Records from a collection
########

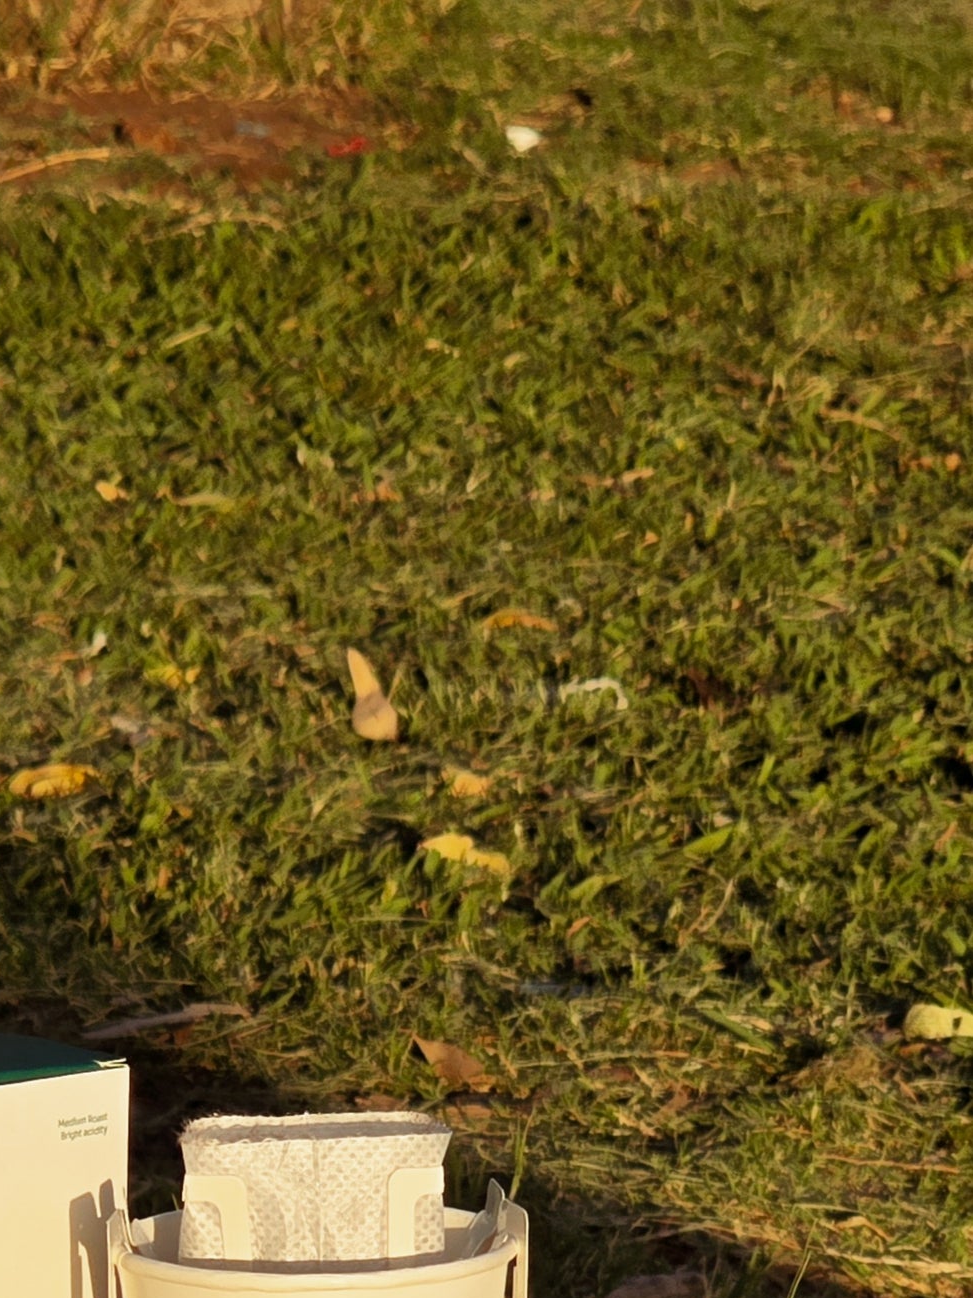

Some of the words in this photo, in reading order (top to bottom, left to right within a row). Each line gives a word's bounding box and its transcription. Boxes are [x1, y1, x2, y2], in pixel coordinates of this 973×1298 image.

[88, 1113, 107, 1123] Roast
[61, 1129, 82, 1141] Bright
[83, 1126, 107, 1136] acidity
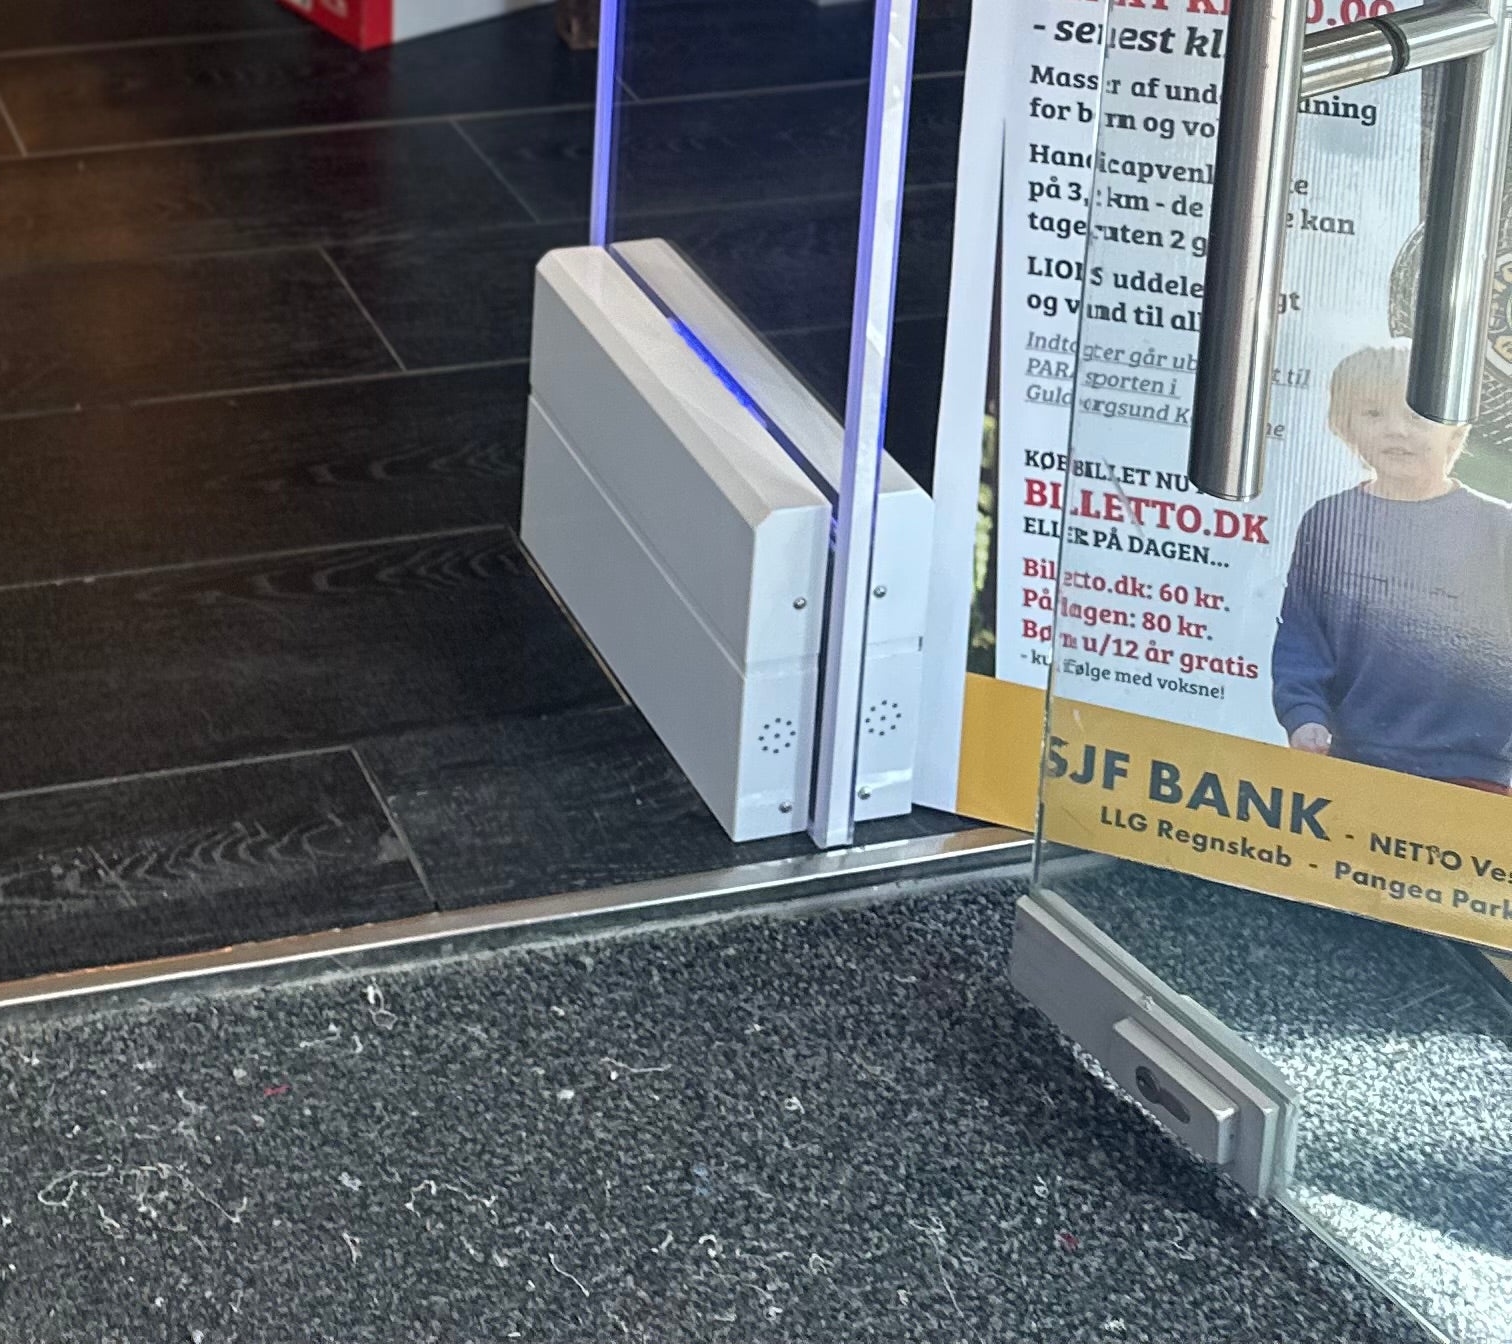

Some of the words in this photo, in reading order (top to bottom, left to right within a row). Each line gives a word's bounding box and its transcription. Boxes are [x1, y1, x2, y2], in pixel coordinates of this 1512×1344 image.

[1131, 78, 1160, 99] af
[1029, 97, 1071, 120] for
[1077, 102, 1137, 130] brn
[1143, 115, 1175, 139] og
[1029, 176, 1061, 201] på
[1107, 187, 1149, 212] km
[1300, 208, 1355, 235] kan
[1028, 212, 1087, 239] tage
[1170, 230, 1186, 250] 2
[1027, 293, 1058, 317] og
[1134, 305, 1164, 329] til
[1129, 347, 1168, 368] går
[1170, 379, 1177, 396] i
[1155, 472, 1189, 493] NU
[1024, 516, 1089, 546] ELLR
[1093, 527, 1124, 552] PÅ
[1022, 588, 1053, 610] På
[1142, 611, 1172, 634] 80
[1177, 615, 1214, 641] kr.
[1159, 583, 1189, 605] 60
[1194, 587, 1231, 613] kr.
[1082, 634, 1139, 659] u/12
[1144, 640, 1174, 665] år
[1179, 653, 1259, 680] gratis
[1115, 670, 1153, 688] med
[1157, 677, 1226, 700] voksne!
[1148, 759, 1334, 842] BANK
[1370, 831, 1462, 871] NETTO
[1100, 805, 1148, 832] LLG
[1157, 818, 1292, 868] Regnskab
[1335, 859, 1443, 904] Pangea

########

**Exercise prompt**
Print the records again exactly. Skip every picture.

**Output below**
Some of the words in this photo, in reading order (top to bottom, left to right within a row). Each line gives a word's bounding box and its transcription. Boxes are [x1, y1, x2, y2], in pixel coordinates of this 973×1298 image.

[88, 1113, 107, 1123] Roast
[61, 1129, 82, 1141] Bright
[83, 1126, 107, 1136] acidity

Some of the words in this photo, in reading order (top to bottom, left to right within a row). Each line gives a word's bounding box and its transcription. Boxes are [x1, y1, x2, y2], in pixel coordinates of this 1512×1344 image.

[1131, 78, 1160, 99] af
[1029, 97, 1071, 120] for
[1077, 102, 1137, 130] brn
[1143, 115, 1175, 139] og
[1029, 176, 1061, 201] på
[1107, 187, 1149, 212] km
[1300, 208, 1355, 235] kan
[1028, 212, 1087, 239] tage
[1170, 230, 1186, 250] 2
[1027, 293, 1058, 317] og
[1134, 305, 1164, 329] til
[1129, 347, 1168, 368] går
[1170, 379, 1177, 396] i
[1155, 472, 1189, 493] NU
[1024, 516, 1089, 546] ELLR
[1093, 527, 1124, 552] PÅ
[1022, 588, 1053, 610] På
[1142, 611, 1172, 634] 80
[1177, 615, 1214, 641] kr.
[1159, 583, 1189, 605] 60
[1194, 587, 1231, 613] kr.
[1082, 634, 1139, 659] u/12
[1144, 640, 1174, 665] år
[1179, 653, 1259, 680] gratis
[1115, 670, 1153, 688] med
[1157, 677, 1226, 700] voksne!
[1148, 759, 1334, 842] BANK
[1370, 831, 1462, 871] NETTO
[1100, 805, 1148, 832] LLG
[1157, 818, 1292, 868] Regnskab
[1335, 859, 1443, 904] Pangea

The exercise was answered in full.